Plusieurs cas où la classe inversée a été mise en œuvre dans des situations avec des élèves particulièrement défavorisés ont montré de grands bénéfices (ici et là).
Il est par ailleurs intéressant de se demander si la pratique de la classe inversée s’appuie plus sur les inégalités que celle des devoirs traditionnels à la maison. Le travail hors classe est en effet accompagné de manière très différente selon les moyens culturels et/ou financier (professeurs particuliers) des familles.
– le manque d’interactivité
Contrairement à un cours en classe, les cours sur vidéos ne permettent pas aux élèves de recevoir des réponses en temps réel à leurs questions, et l’enseignant n’a pas de retour sur la réception du cours par les élèves. L’enseignant n’est effectivement pas présent lors du visionnage des vidéos. Cela ne signifie en revanche pas nécessairement qu’il ne peut pas recevoir de retour sur la réception des élèves, ou que les élèves ne peuvent pas obtenir de réponses à leurs questions. Certains enseignants encouragent leurs élèves à aller chercher eux-mêmes des réponses à leurs questions sur internet par exemple, développant ainsi leur autonomie. De plus, nombreux sont ceux qui demandent à leurs élèves de poser des questions après chaque vidéo, soit par écrit le soir en ligne (les formulaires Google sont notamment très utilisés). L’enseignant peut ainsi répondre aux questions de tous les élèves, et pas seulement à celles que les élèves osent poser en classe.

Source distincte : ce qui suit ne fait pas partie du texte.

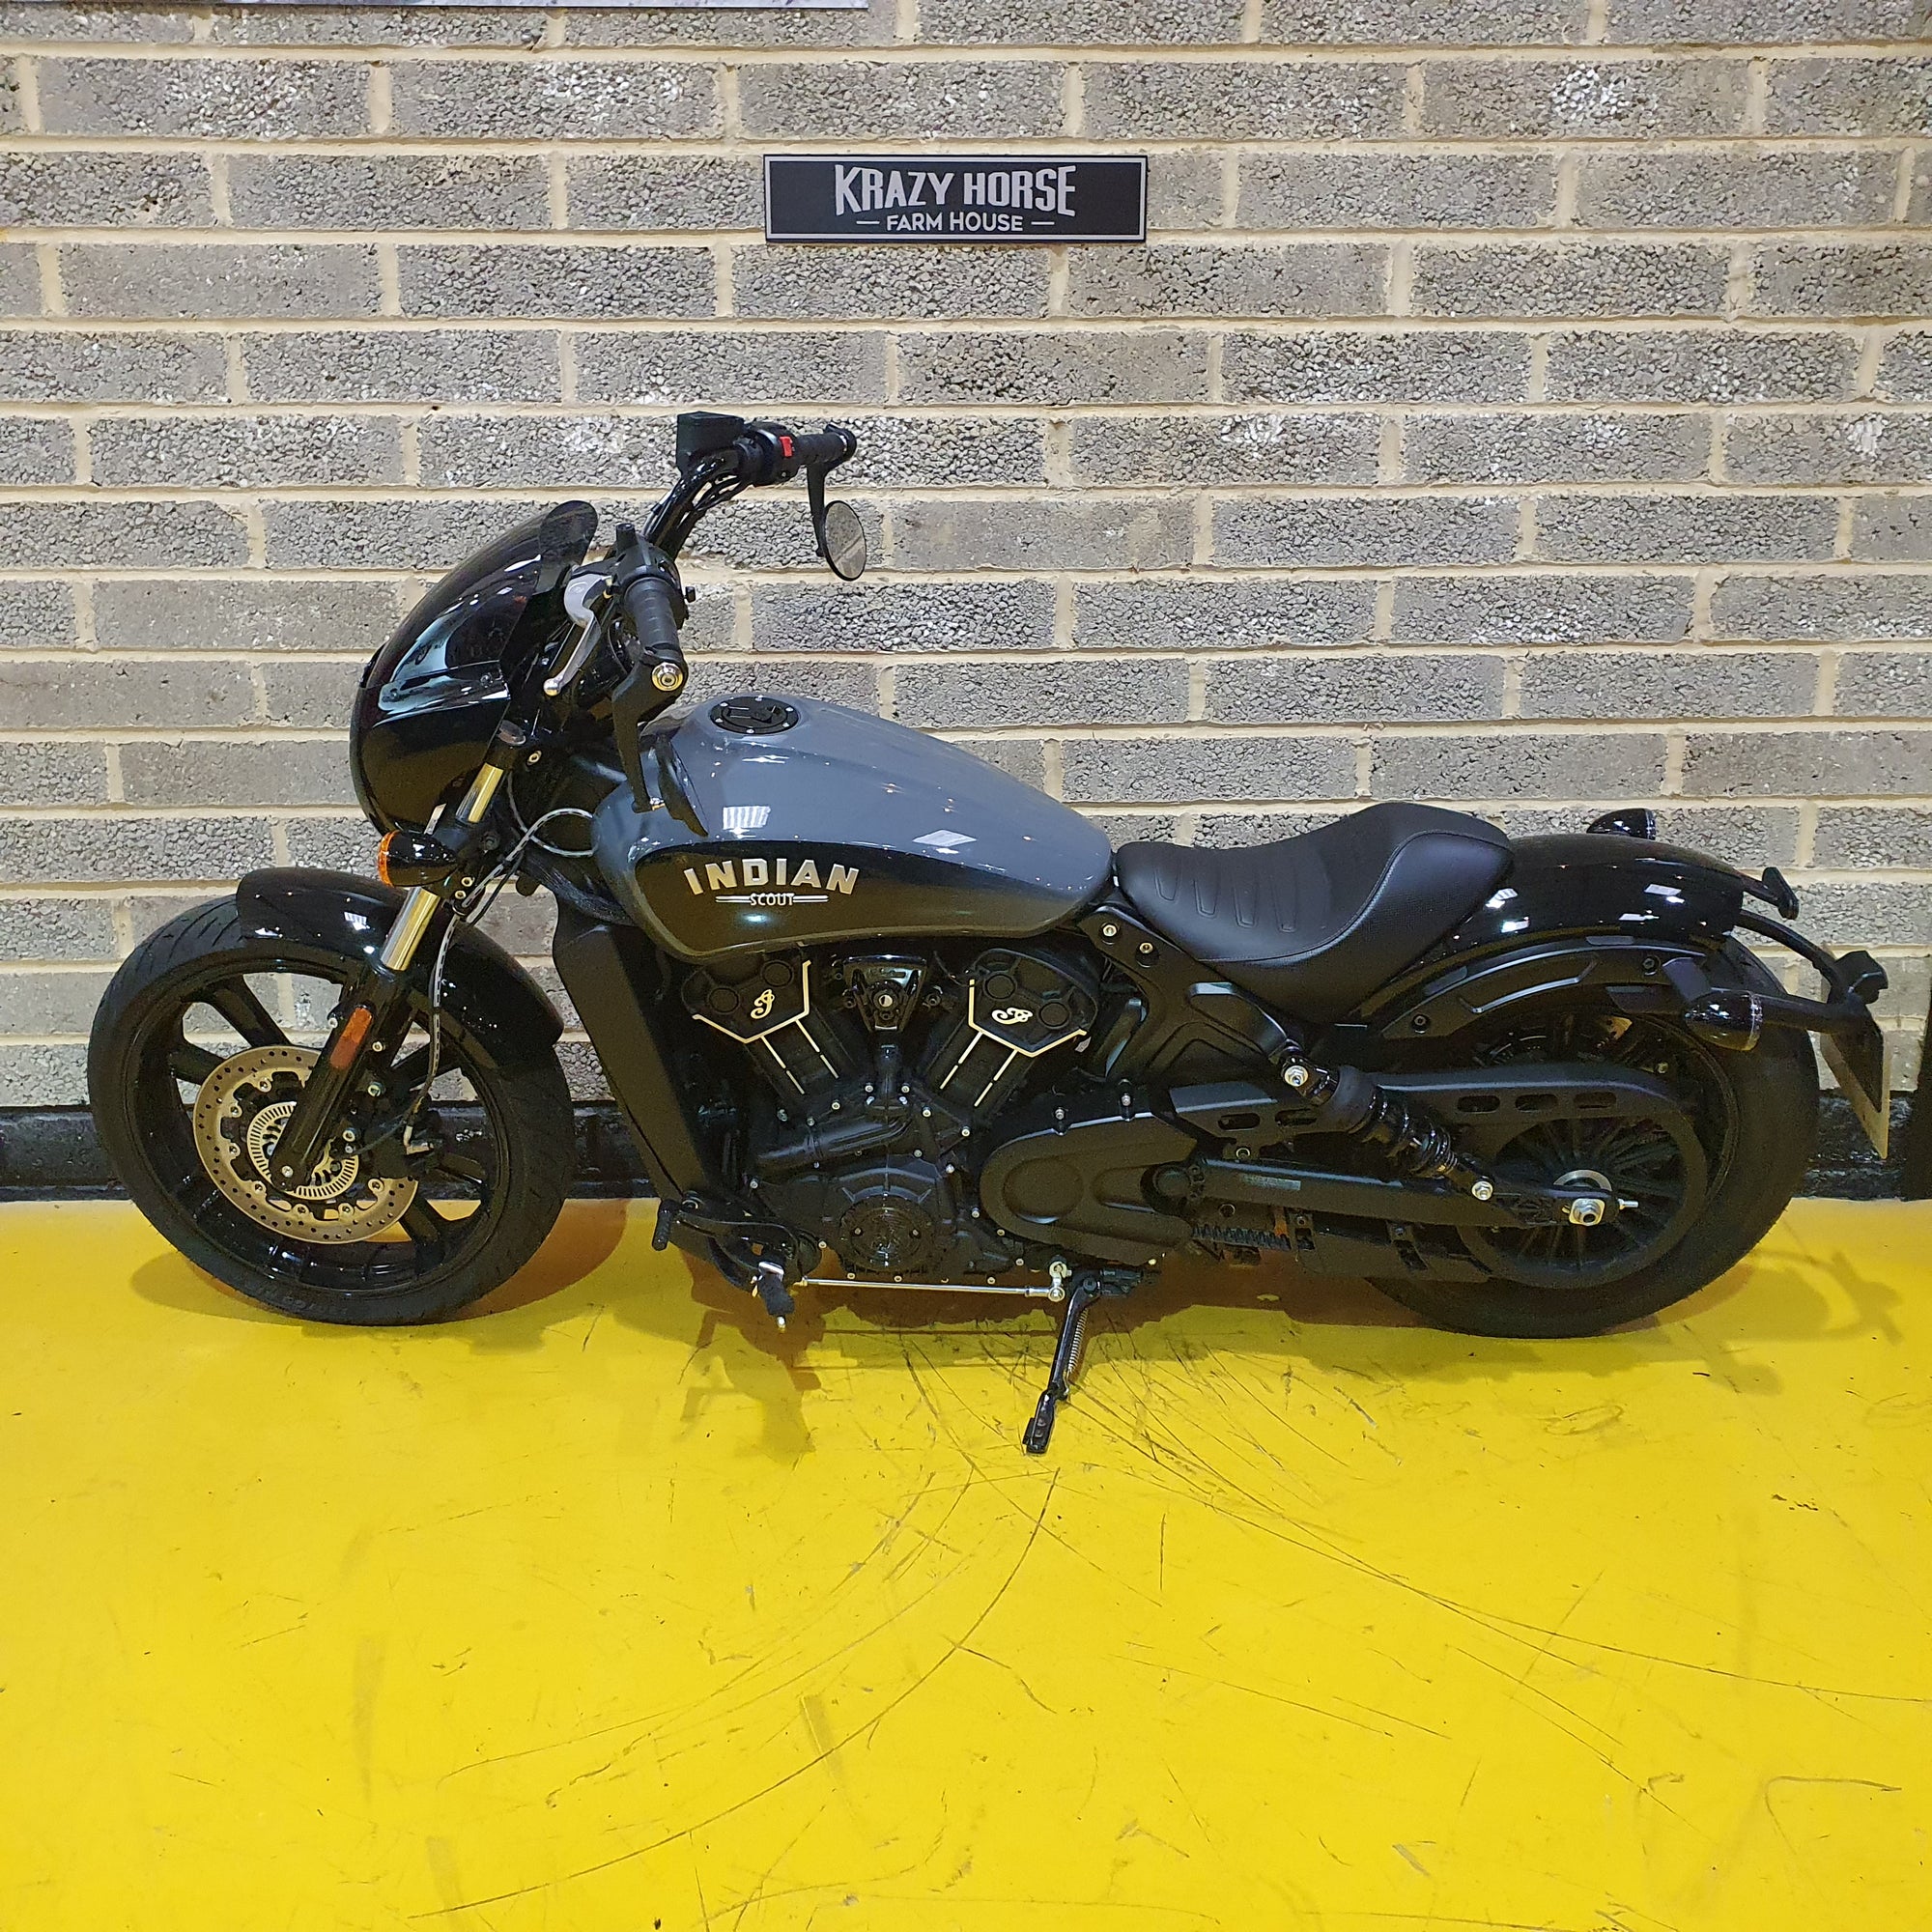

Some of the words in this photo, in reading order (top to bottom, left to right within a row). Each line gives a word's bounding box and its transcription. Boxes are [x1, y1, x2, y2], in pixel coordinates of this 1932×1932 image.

– la classe inversée accroît le temps passé devant un écran pour les élèves
Dans le cas où des vidéos sont utilisées pour la classe inversée, ce temps passé devant un écran s’ajoute à celui passé devant la télévision, l’ordinateur et à celui dévolu aux jeux vidéos. Jon Bergman et Aaron Sams arguent cependant du fait qu’il est temps que l’éducation infiltre le monde digital, au lieu de prêcher aux élèves qu’ils ne pourraient apprendre aujourd’hui avec les outils par lesquels ils communiquent quotidiennement.
– la classe inversée accroît le temps consacré aux devoirs
Le modèle de la classe inversée s’appuie sur un système dans lequel les élèves travaillent à la maison. Nous n’aborderons pas ici le débat de l’utilité des devoirs à la maison. Notons cependant qu’il existe des enseignants qui mettent en place une modalité de la classe inversée sans recourir au travail hors la classe.
Le temps passé à la maison sur les leçons ne devrait pas dépasser le temps passé sur les devoirs dans un modèle traditionnel. Les leçons produites sur vidéos sont en effet plus courtes que celles données en classe : l’enseignant ne se répète pas et va donc plus vite, puisque l’élève peut le faire répéter autant qu’il le souhaite.
– la classe inversée ne remet pas véritablement l’élève au cœur de l’apprentissage
Pour les enseignants qui souhaitent placer l’élève en position de construire son savoir, la classe inversée ne change pas véritablement le paradigme éducatif. Le cours, même déplacé a la maison, est toujours prodigué par l’enseignant qui détient le savoir. La classe inversée peut cependant être mise en place de différentes manières. De nombreux enseignants passent par une phase d'inversion «classique» (le cours à la maison, les devoirs en classe) avant d'utiliser des pédagogies plus actives et plus constructivistes.